:: EXERCISE DIRECTIONS ::
Word for word, transcribe all of the records.

:: EXERCISE MATERIAL ::
◇ ◇ ◇ ◇ ◇ ◇ ◇

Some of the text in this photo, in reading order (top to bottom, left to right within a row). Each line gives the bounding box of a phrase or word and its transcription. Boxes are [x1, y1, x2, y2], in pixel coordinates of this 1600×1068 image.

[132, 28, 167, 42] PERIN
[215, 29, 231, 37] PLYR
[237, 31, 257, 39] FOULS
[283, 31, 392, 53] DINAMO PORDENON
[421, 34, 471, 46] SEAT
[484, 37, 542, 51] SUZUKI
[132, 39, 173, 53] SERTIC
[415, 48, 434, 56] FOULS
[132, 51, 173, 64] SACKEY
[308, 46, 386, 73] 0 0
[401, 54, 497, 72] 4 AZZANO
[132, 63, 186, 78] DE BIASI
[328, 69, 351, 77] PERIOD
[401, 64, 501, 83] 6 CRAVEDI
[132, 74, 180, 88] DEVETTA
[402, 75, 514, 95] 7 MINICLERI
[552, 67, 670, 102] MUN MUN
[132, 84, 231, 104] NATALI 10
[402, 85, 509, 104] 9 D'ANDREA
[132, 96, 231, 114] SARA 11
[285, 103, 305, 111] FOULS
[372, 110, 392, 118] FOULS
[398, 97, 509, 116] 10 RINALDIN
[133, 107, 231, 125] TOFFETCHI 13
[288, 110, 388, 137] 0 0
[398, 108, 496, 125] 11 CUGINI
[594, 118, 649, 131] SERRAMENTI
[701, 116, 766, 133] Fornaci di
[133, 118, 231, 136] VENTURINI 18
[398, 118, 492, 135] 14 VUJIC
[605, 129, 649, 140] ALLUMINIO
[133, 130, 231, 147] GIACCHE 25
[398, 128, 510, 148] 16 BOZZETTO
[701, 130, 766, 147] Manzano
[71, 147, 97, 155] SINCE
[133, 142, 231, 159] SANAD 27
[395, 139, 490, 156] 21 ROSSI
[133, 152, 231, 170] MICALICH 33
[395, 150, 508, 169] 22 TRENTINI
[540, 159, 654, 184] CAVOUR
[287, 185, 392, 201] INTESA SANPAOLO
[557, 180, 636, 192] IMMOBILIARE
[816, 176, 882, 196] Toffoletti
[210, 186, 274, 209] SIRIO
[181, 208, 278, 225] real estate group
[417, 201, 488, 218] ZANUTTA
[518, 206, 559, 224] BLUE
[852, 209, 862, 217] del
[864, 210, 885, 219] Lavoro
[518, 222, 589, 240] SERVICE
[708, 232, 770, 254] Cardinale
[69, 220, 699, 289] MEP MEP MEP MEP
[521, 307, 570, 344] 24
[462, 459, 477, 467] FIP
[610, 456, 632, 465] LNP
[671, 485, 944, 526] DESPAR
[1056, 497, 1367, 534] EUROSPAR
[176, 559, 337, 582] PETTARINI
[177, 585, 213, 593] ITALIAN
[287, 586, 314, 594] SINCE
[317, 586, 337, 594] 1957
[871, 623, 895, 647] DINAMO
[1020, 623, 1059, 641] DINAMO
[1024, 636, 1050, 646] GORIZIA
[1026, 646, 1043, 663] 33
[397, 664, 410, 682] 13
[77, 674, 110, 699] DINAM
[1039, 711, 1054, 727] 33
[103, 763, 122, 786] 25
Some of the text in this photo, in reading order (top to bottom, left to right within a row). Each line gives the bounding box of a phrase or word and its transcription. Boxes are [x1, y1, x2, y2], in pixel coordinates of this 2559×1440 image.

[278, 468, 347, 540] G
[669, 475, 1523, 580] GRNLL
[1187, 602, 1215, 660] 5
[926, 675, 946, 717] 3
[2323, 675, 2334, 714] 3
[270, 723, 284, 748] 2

◇ ◇ ◇ ◇ ◇ ◇ ◇

:: REPLY TO THE EXERCISE ::
Some of the text in this photo, in reading order (top to bottom, left to right within a row). Each line gives the bounding box of a phrase or word and its transcription. Boxes are [x1, y1, x2, y2], in pixel coordinates of this 1600×1068 image.

[132, 28, 167, 42] PERIN
[215, 29, 231, 37] PLYR
[237, 31, 257, 39] FOULS
[283, 31, 392, 53] DINAMO PORDENON
[421, 34, 471, 46] SEAT
[484, 37, 542, 51] SUZUKI
[132, 39, 173, 53] SERTIC
[415, 48, 434, 56] FOULS
[132, 51, 173, 64] SACKEY
[308, 46, 386, 73] 0 0
[401, 54, 497, 72] 4 AZZANO
[132, 63, 186, 78] DE BIASI
[328, 69, 351, 77] PERIOD
[401, 64, 501, 83] 6 CRAVEDI
[132, 74, 180, 88] DEVETTA
[402, 75, 514, 95] 7 MINICLERI
[552, 67, 670, 102] MUN MUN
[132, 84, 231, 104] NATALI 10
[402, 85, 509, 104] 9 D'ANDREA
[132, 96, 231, 114] SARA 11
[285, 103, 305, 111] FOULS
[372, 110, 392, 118] FOULS
[398, 97, 509, 116] 10 RINALDIN
[133, 107, 231, 125] TOFFETCHI 13
[288, 110, 388, 137] 0 0
[398, 108, 496, 125] 11 CUGINI
[594, 118, 649, 131] SERRAMENTI
[701, 116, 766, 133] Fornaci di
[133, 118, 231, 136] VENTURINI 18
[398, 118, 492, 135] 14 VUJIC
[605, 129, 649, 140] ALLUMINIO
[133, 130, 231, 147] GIACCHE 25
[398, 128, 510, 148] 16 BOZZETTO
[701, 130, 766, 147] Manzano
[71, 147, 97, 155] SINCE
[133, 142, 231, 159] SANAD 27
[395, 139, 490, 156] 21 ROSSI
[133, 152, 231, 170] MICALICH 33
[395, 150, 508, 169] 22 TRENTINI
[540, 159, 654, 184] CAVOUR
[287, 185, 392, 201] INTESA SANPAOLO
[557, 180, 636, 192] IMMOBILIARE
[816, 176, 882, 196] Toffoletti
[210, 186, 274, 209] SIRIO
[181, 208, 278, 225] real estate group
[417, 201, 488, 218] ZANUTTA
[518, 206, 559, 224] BLUE
[852, 209, 862, 217] del
[864, 210, 885, 219] Lavoro
[518, 222, 589, 240] SERVICE
[708, 232, 770, 254] Cardinale
[69, 220, 699, 289] MEP MEP MEP MEP
[521, 307, 570, 344] 24
[462, 459, 477, 467] FIP
[610, 456, 632, 465] LNP
[671, 485, 944, 526] DESPAR
[1056, 497, 1367, 534] EUROSPAR
[176, 559, 337, 582] PETTARINI
[177, 585, 213, 593] ITALIAN
[287, 586, 314, 594] SINCE
[317, 586, 337, 594] 1957
[871, 623, 895, 647] DINAMO
[1020, 623, 1059, 641] DINAMO
[1024, 636, 1050, 646] GORIZIA
[1026, 646, 1043, 663] 33
[397, 664, 410, 682] 13
[77, 674, 110, 699] DINAM
[1039, 711, 1054, 727] 33
[103, 763, 122, 786] 25
Some of the text in this photo, in reading order (top to bottom, left to right within a row). Each line gives the bounding box of a phrase or word and its transcription. Boxes are [x1, y1, x2, y2], in pixel coordinates of this 2559×1440 image.

[278, 468, 347, 540] G
[669, 475, 1523, 580] GRNLL
[1187, 602, 1215, 660] 5
[926, 675, 946, 717] 3
[2323, 675, 2334, 714] 3
[270, 723, 284, 748] 2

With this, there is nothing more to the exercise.